Appeal from the Circuit Court of Madison County. Nos. 95-J-27 & 95-J-28. Honorable Lola P. Maddox, Judge, presiding.
The Honorable Justice Chapman delivered the opinion of the court: Maag, J., and Kuehn, J., concur.
The opinion of the court was delivered by: Chapman
The Honorable Justice CHAPMAN delivered the opinion of the court:
On March 17, 1995, the minors B.C. and T.C. were charged with delinquency for committing the criminal offense of hate crime. Based upon the parties' stipulated facts, the juvenile court granted the minors' motion to dismiss the petitions. The court ruled that the petitions failed to state a cause of action because (1) the alleged victim was not a member of a protected class, and (2) an element of the crime charged is that the alleged victim either be a member or be perceived as a member of a protected class. The People appeal. We affirm.
The petition against each minor alleged that he committed the offense of hate crime in that:
"said minor by reason of the actual race of African American persons knowingly committed the offense of disorderly conduct, in violation of 720 ILCS 5/26-1, in that said minor displayed patently offensive depictions of violence toward African Americans in such unreasonable manner as to alarm and disturb James Jeffries and provoke a breach of the peace in violation of 720 ILCS 5/12-7.1 (Class 4) and against the dignity of the People of the State of Illinois ***."
The parties stipulated that the alleged victim of this offense, James Jeffries, is not a member of the African-American race, and that Jeffries was not perceived by the minor defendants as being of the African-American race.
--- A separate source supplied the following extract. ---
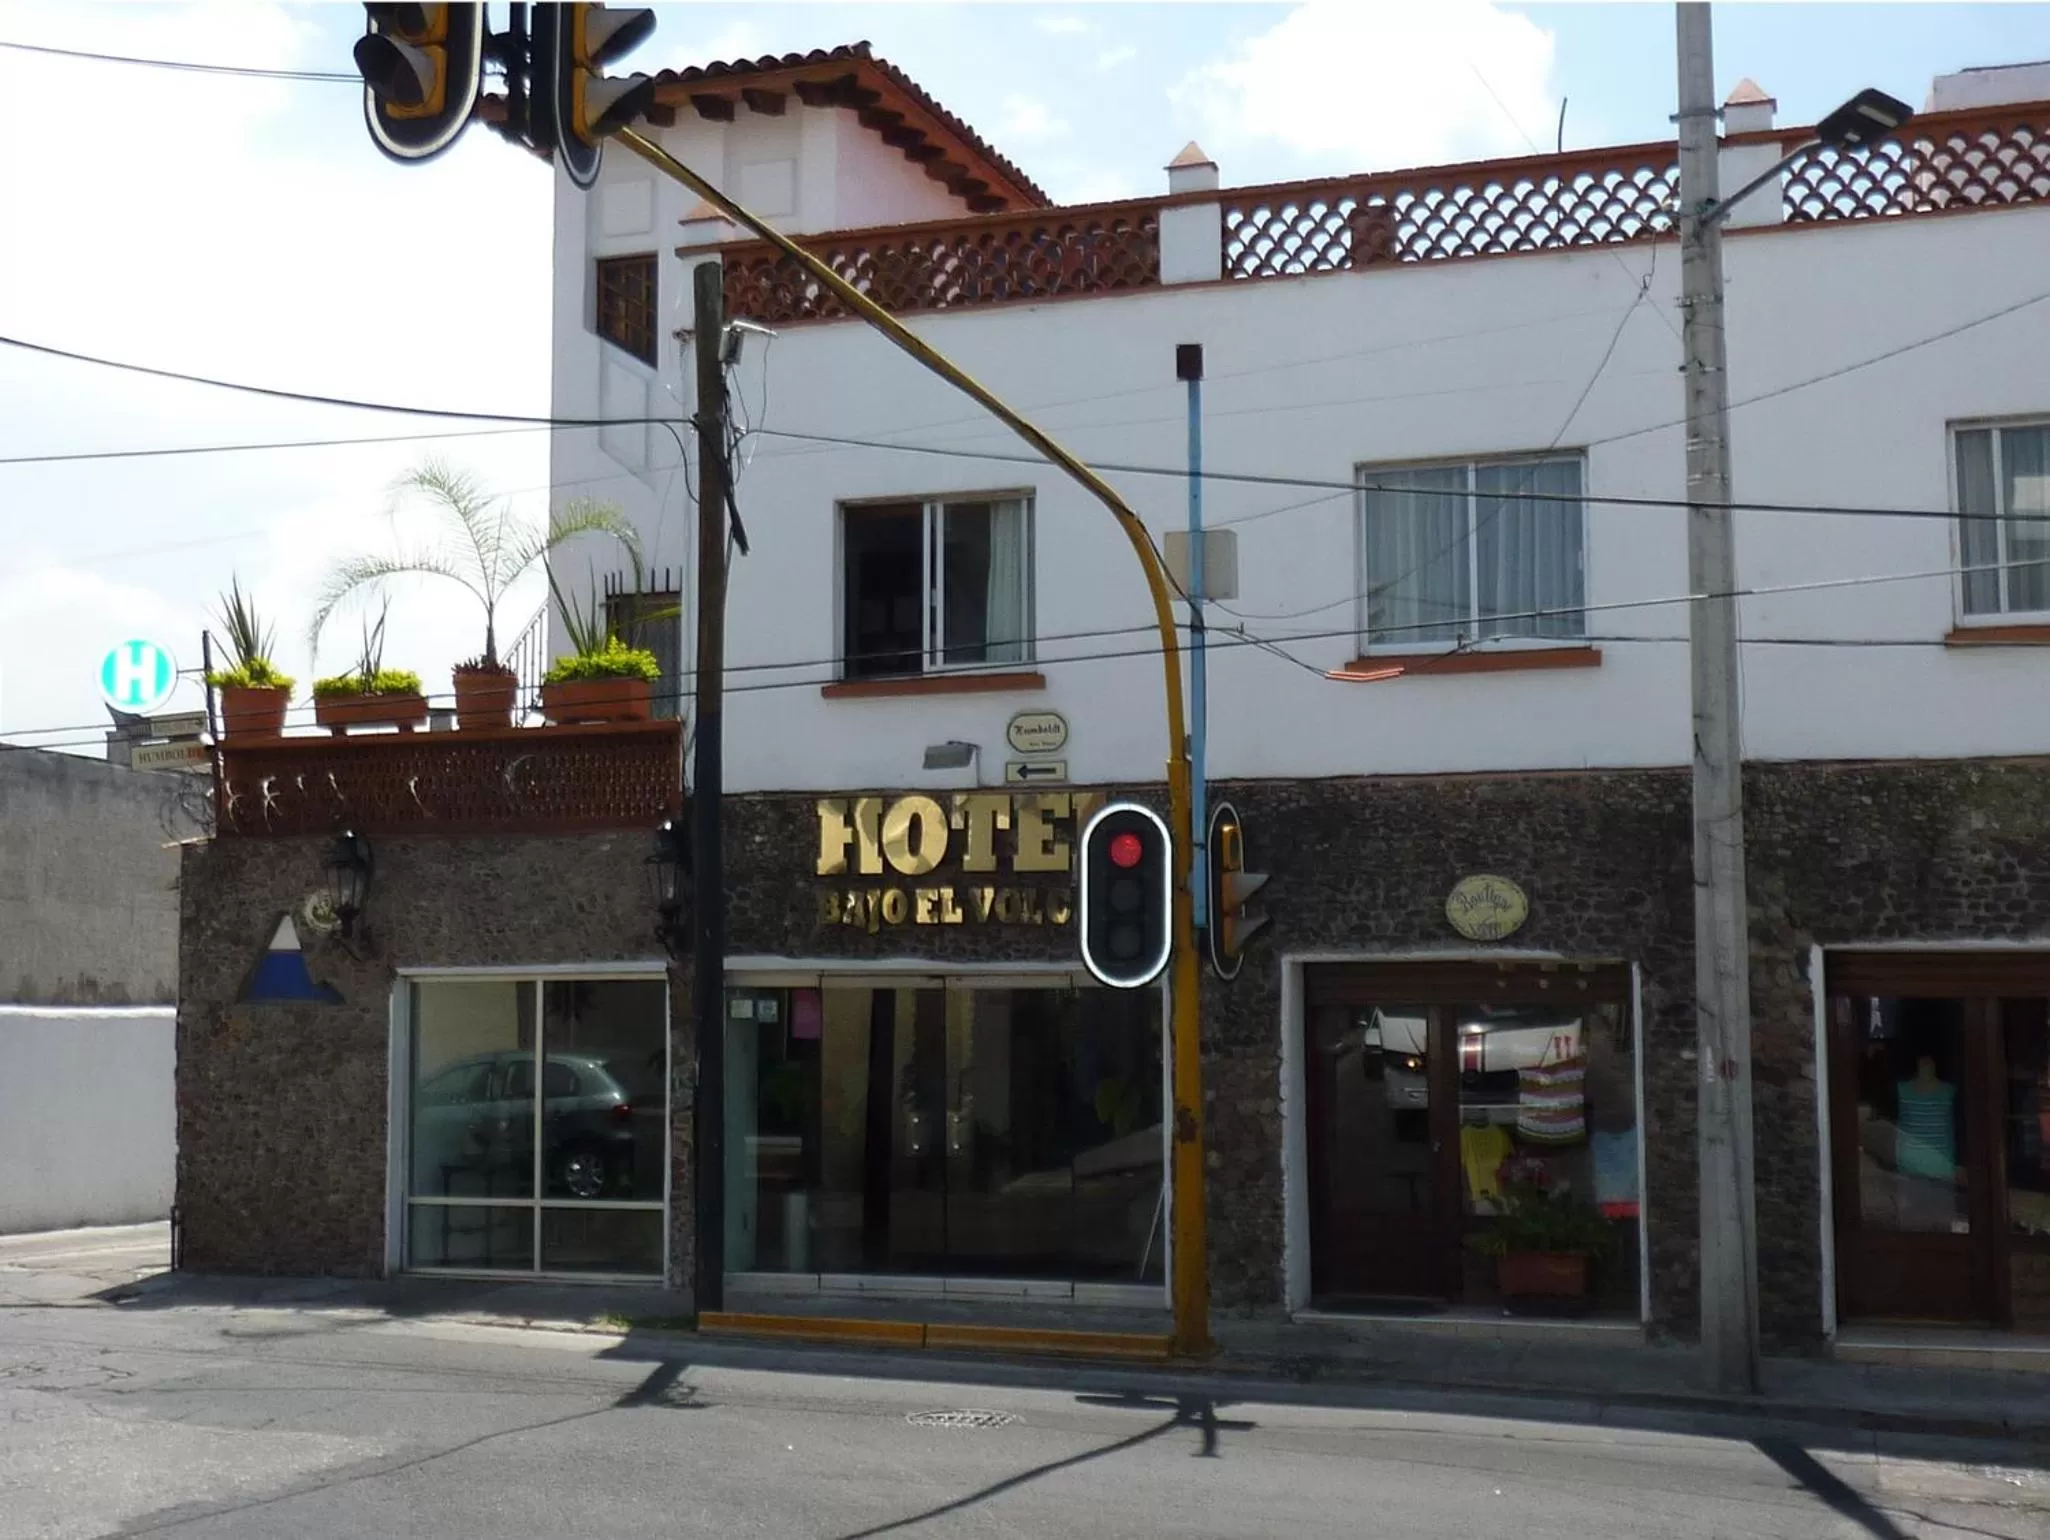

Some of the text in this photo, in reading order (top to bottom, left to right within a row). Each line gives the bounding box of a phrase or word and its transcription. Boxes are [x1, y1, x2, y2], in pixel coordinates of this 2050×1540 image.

[115, 645, 157, 702] H
[821, 887, 908, 934] BAJO
[914, 886, 963, 925] EL
The parties also stipulated that at the time the offense was allegedly committed, unnamed individuals of the African-American race were present but these persons were not named as victims of the alleged hate crimes charged.
The State argues that the court erred in dismissing the petitions because membership in the group is not and was never intended to be an element of the offense. The State contends that the purpose of the hate crime statute is to protect all individuals who could be affected by the specified crimes when committed with hatred as a motive regardless of whether the victims are members of the group toward which the hatred is directed.
Section 12-7.1 of the Criminal Code of 1961 provides in pertinent part:
"A person commits hate crime when, by reason of the actual or perceived race, color, creed, religion, ancestry, gender, sexual orientation, physical or mental disability, or national origin of another individual or group of individuals, he commits assault, *** mob action or disorderly conduct as these crimes are defined in Sections 12-1, 12-2, 12-3, 16-1, 19-4, 21-1, 21-2, 21-3, 25-1, and 26-1 of this Code ***." (Emphasis added.) (720 ILCS 5/12-7.1 (West 1994).)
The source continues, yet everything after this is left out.